→ Your goal: Could you write out, word for word, each line from the one containing "this 1344×1512 image." to the last line of the data below, both included and nothing more?

Supplied records Start Marker

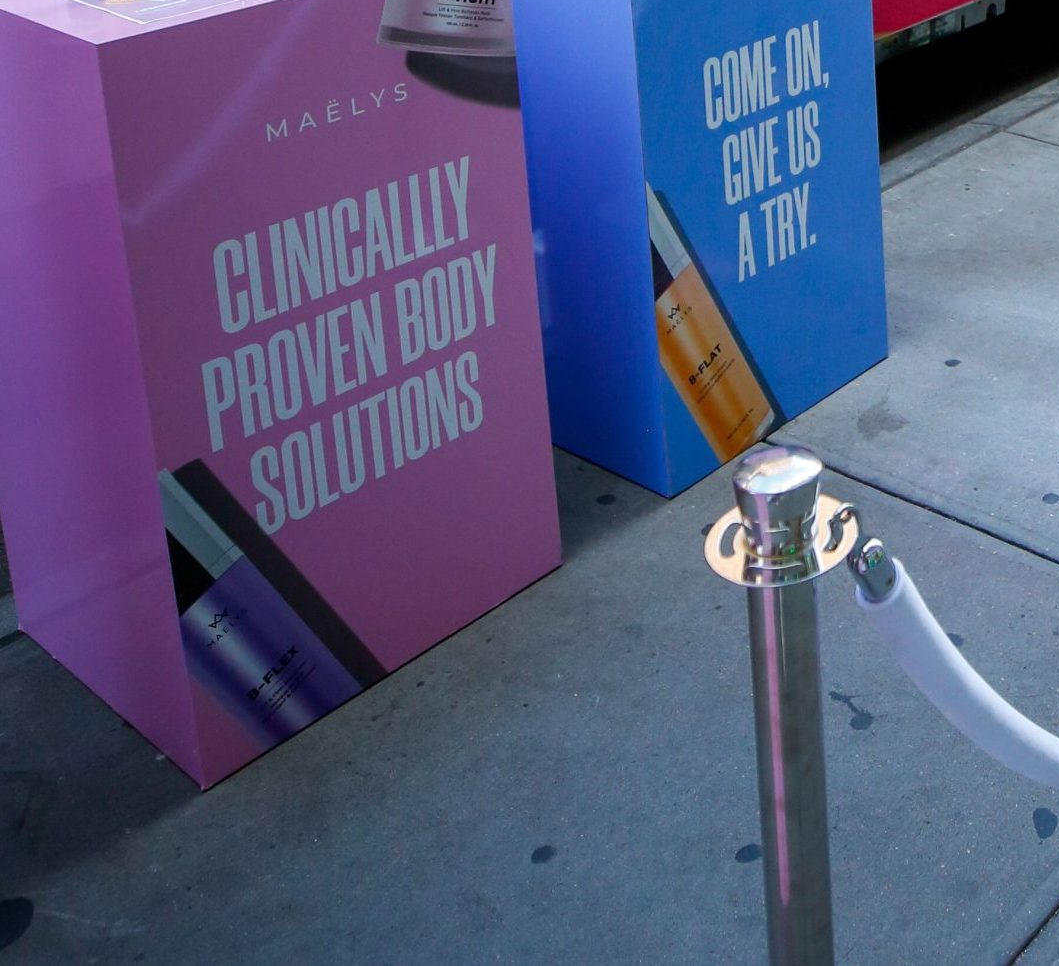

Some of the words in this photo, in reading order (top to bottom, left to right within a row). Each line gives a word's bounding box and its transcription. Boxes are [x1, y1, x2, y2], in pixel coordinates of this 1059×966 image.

[266, 83, 408, 142] MAËLYS
[703, 35, 780, 130] COME
[785, 19, 830, 88] ON,
[722, 116, 782, 206] GIVE
[787, 101, 821, 176] US
[213, 155, 469, 334] CLINICALLY
[738, 211, 756, 282] A
[760, 182, 816, 266] TRY.
[202, 292, 388, 452] PROVEN
[395, 244, 496, 366] BODY
[688, 343, 722, 386] B-FLAT
[250, 351, 483, 535] SOLUTIONS
[248, 645, 299, 700] B-FLEX
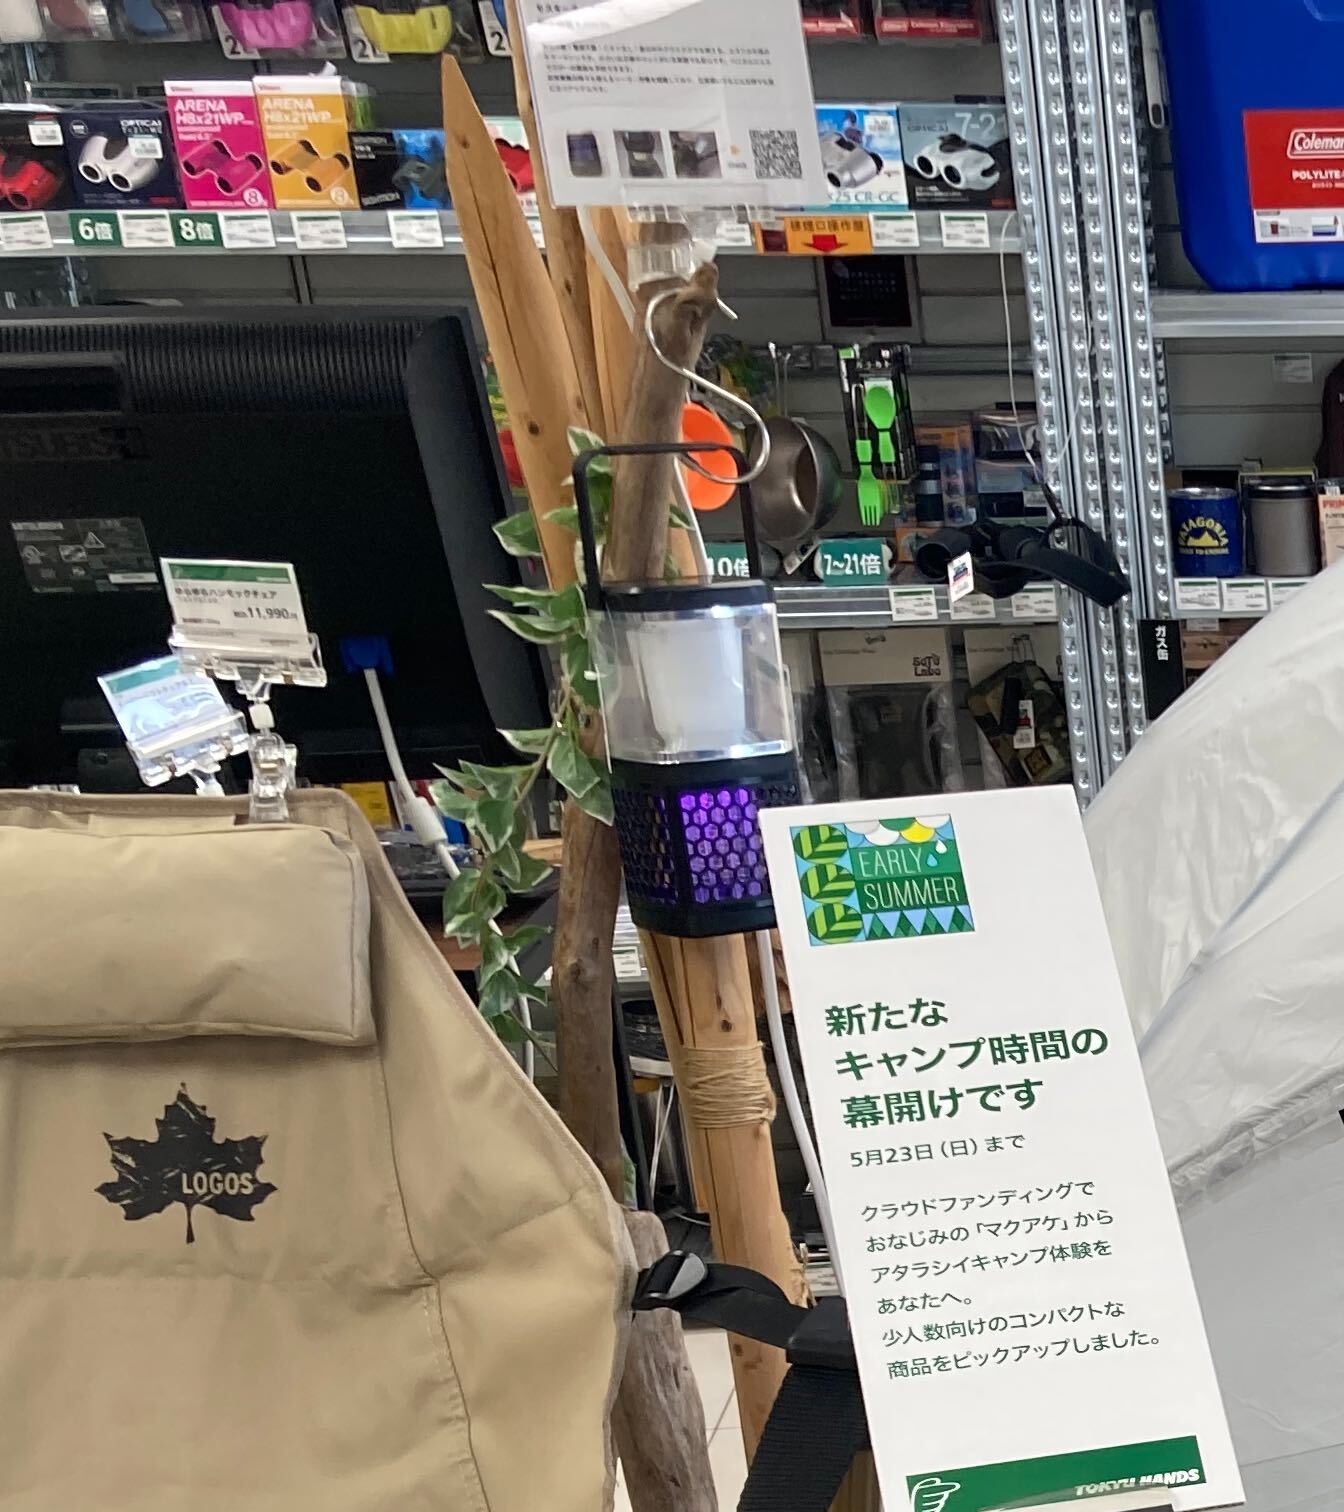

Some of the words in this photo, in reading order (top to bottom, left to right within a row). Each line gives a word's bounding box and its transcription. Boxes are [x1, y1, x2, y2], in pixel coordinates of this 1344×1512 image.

[175, 99, 228, 112] ARENA
[78, 218, 114, 242] 6倍
[179, 218, 215, 241] 8倍
[1154, 626, 1170, 662] ガス缶
[858, 847, 924, 878] EARLY
[863, 876, 960, 911] SUMMER
[825, 998, 948, 1037] 新たな
[835, 1027, 1109, 1081] キャンプ時間の
[841, 1078, 1044, 1130] 幕開けです
[182, 1172, 255, 1195] LOGOS
[860, 1180, 1095, 1224] クラウドファンディングで
[865, 1209, 1114, 1253] おなじみの「マクアケ」から
[870, 1240, 1113, 1284] アタラシイキャンプ体験を
[877, 1291, 972, 1316] あなたへ。
[881, 1300, 1125, 1347] 少人数向けのコンパクトな
[886, 1329, 1160, 1380] 商品をピックアップしました。

Supplied records End Marker

→ Solution for this task:
Some of the words in this photo, in reading order (top to bottom, left to right within a row). Each line gives a word's bounding box and its transcription. Boxes are [x1, y1, x2, y2], in pixel coordinates of this 1344×1512 image.

[175, 99, 228, 112] ARENA
[78, 218, 114, 242] 6倍
[179, 218, 215, 241] 8倍
[1154, 626, 1170, 662] ガス缶
[858, 847, 924, 878] EARLY
[863, 876, 960, 911] SUMMER
[825, 998, 948, 1037] 新たな
[835, 1027, 1109, 1081] キャンプ時間の
[841, 1078, 1044, 1130] 幕開けです
[182, 1172, 255, 1195] LOGOS
[860, 1180, 1095, 1224] クラウドファンディングで
[865, 1209, 1114, 1253] おなじみの「マクアケ」から
[870, 1240, 1113, 1284] アタラシイキャンプ体験を
[877, 1291, 972, 1316] あなたへ。
[881, 1300, 1125, 1347] 少人数向けのコンパクトな
[886, 1329, 1160, 1380] 商品をピックアップしました。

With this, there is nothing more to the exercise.